++++ Records for this task
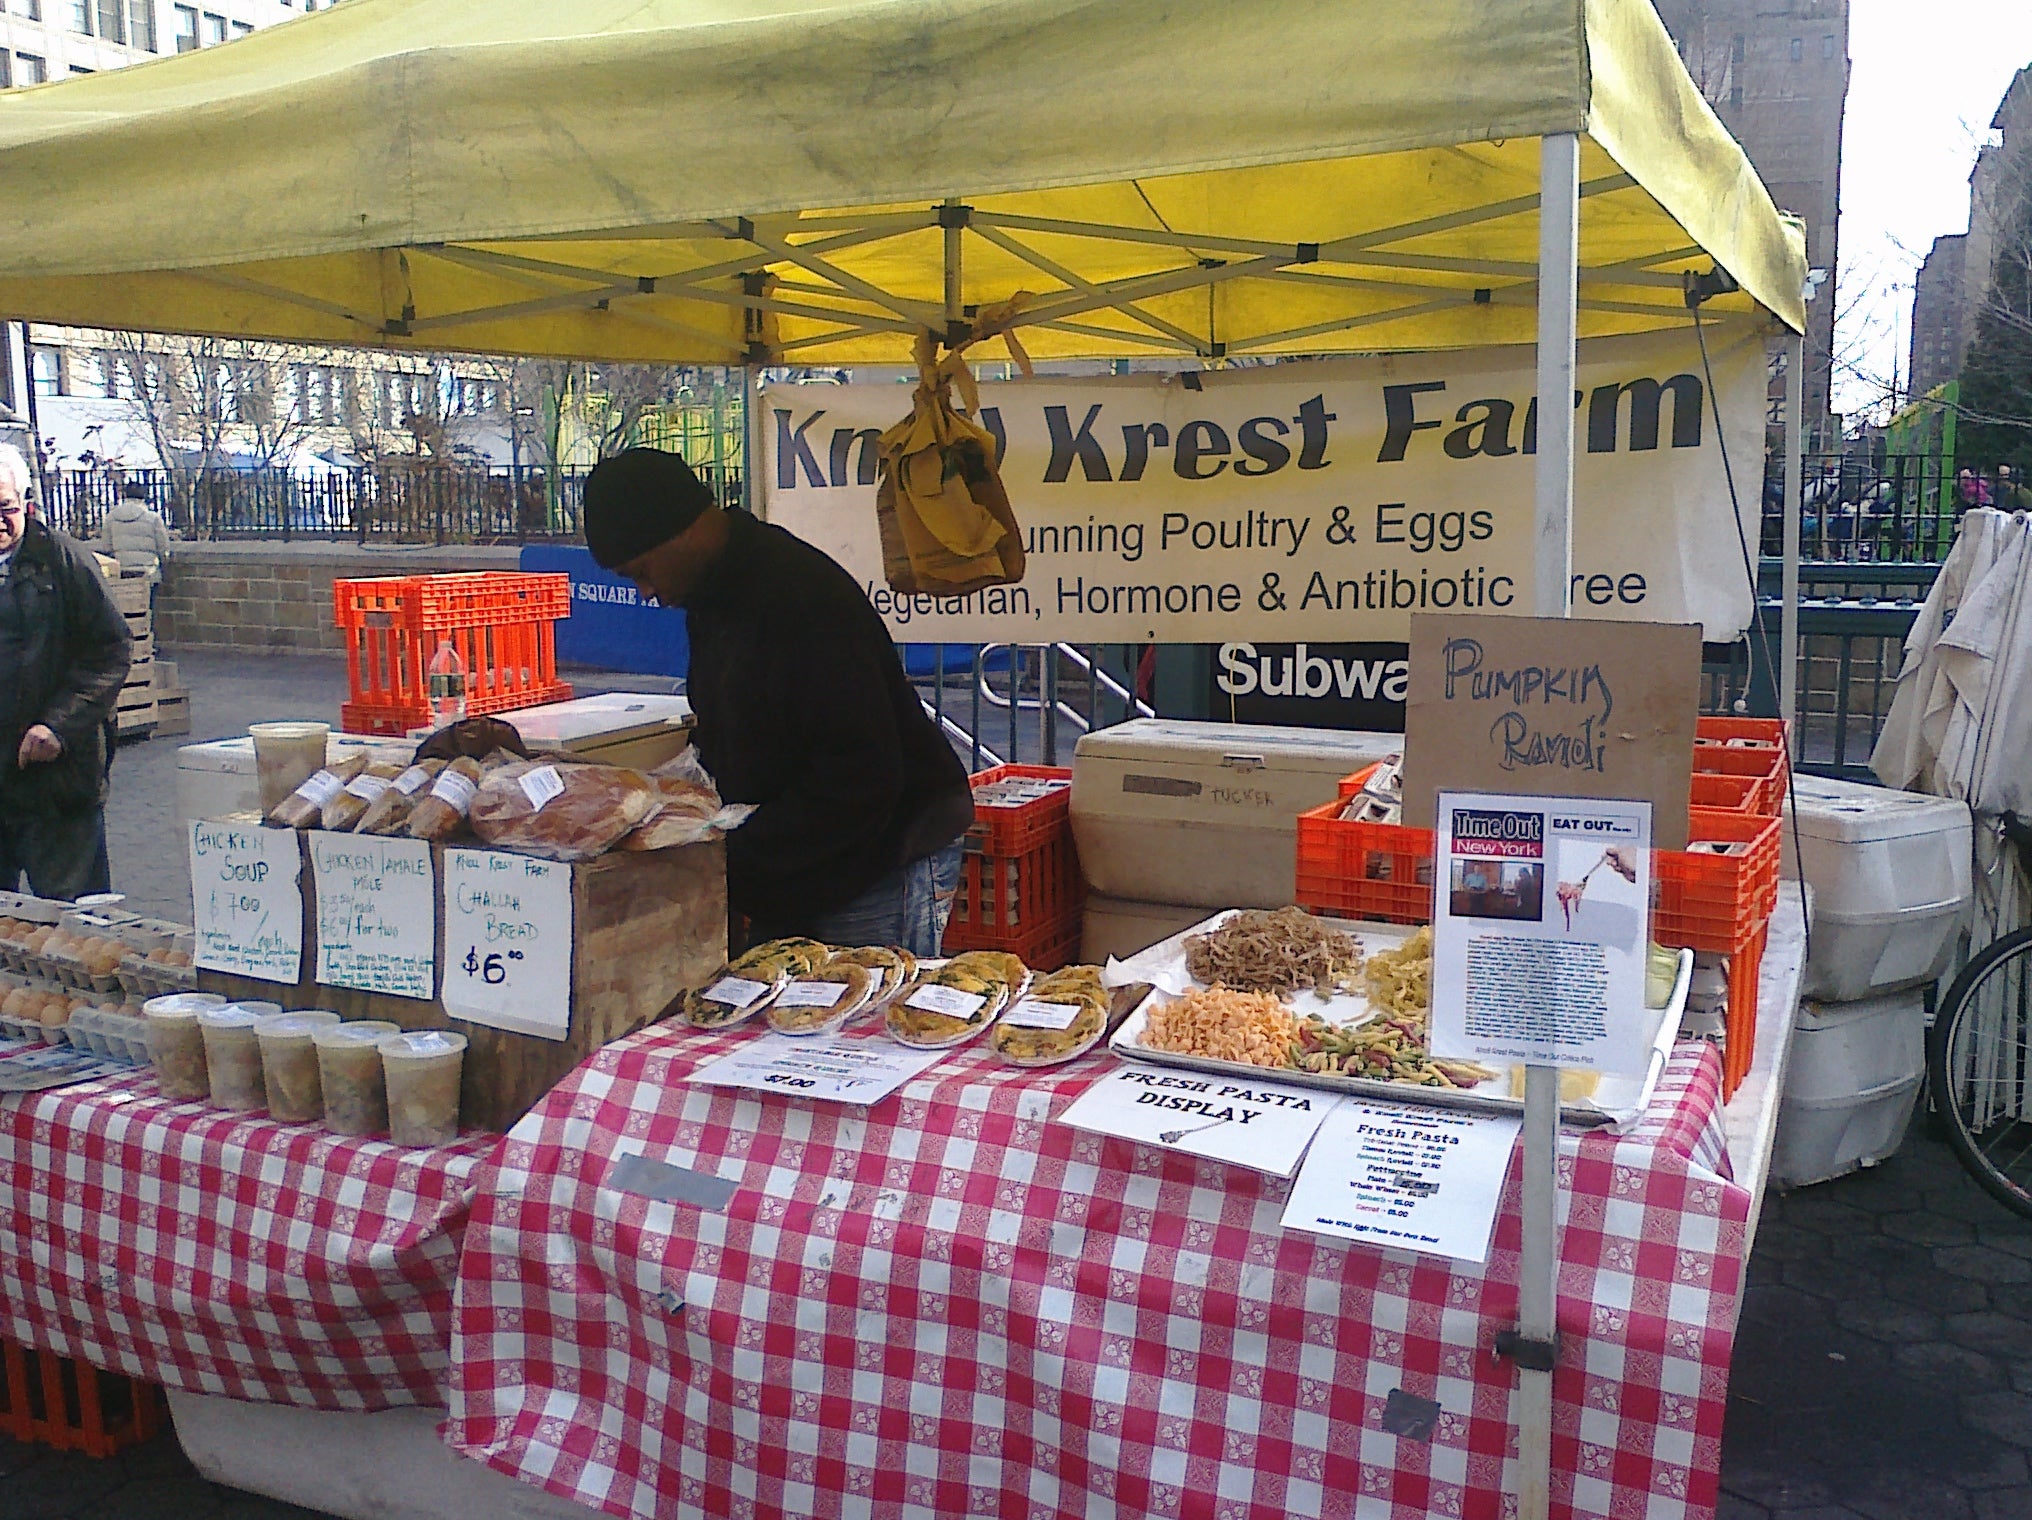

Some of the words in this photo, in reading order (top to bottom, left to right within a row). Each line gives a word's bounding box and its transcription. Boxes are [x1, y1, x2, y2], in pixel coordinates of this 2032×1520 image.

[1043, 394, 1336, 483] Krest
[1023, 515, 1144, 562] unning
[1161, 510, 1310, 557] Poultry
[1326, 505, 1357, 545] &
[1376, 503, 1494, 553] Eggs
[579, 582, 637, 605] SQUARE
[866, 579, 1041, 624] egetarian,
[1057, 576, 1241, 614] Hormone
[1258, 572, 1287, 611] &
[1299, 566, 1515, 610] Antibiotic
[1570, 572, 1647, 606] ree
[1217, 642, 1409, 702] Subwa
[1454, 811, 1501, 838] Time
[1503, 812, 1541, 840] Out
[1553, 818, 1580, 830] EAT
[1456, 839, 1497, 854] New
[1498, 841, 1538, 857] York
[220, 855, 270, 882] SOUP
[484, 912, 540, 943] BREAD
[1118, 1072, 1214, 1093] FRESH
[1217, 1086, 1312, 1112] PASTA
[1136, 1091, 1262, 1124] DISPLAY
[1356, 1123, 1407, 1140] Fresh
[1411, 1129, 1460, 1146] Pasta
++++++++
Assignment – Omit the pictures and print the listing exactly.

Task answer –
Some of the words in this photo, in reading order (top to bottom, left to right within a row). Each line gives a word's bounding box and its transcription. Boxes are [x1, y1, x2, y2], in pixel coordinates of this 2032×1520 image.

[1043, 394, 1336, 483] Krest
[1023, 515, 1144, 562] unning
[1161, 510, 1310, 557] Poultry
[1326, 505, 1357, 545] &
[1376, 503, 1494, 553] Eggs
[579, 582, 637, 605] SQUARE
[866, 579, 1041, 624] egetarian,
[1057, 576, 1241, 614] Hormone
[1258, 572, 1287, 611] &
[1299, 566, 1515, 610] Antibiotic
[1570, 572, 1647, 606] ree
[1217, 642, 1409, 702] Subwa
[1454, 811, 1501, 838] Time
[1503, 812, 1541, 840] Out
[1553, 818, 1580, 830] EAT
[1456, 839, 1497, 854] New
[1498, 841, 1538, 857] York
[220, 855, 270, 882] SOUP
[484, 912, 540, 943] BREAD
[1118, 1072, 1214, 1093] FRESH
[1217, 1086, 1312, 1112] PASTA
[1136, 1091, 1262, 1124] DISPLAY
[1356, 1123, 1407, 1140] Fresh
[1411, 1129, 1460, 1146] Pasta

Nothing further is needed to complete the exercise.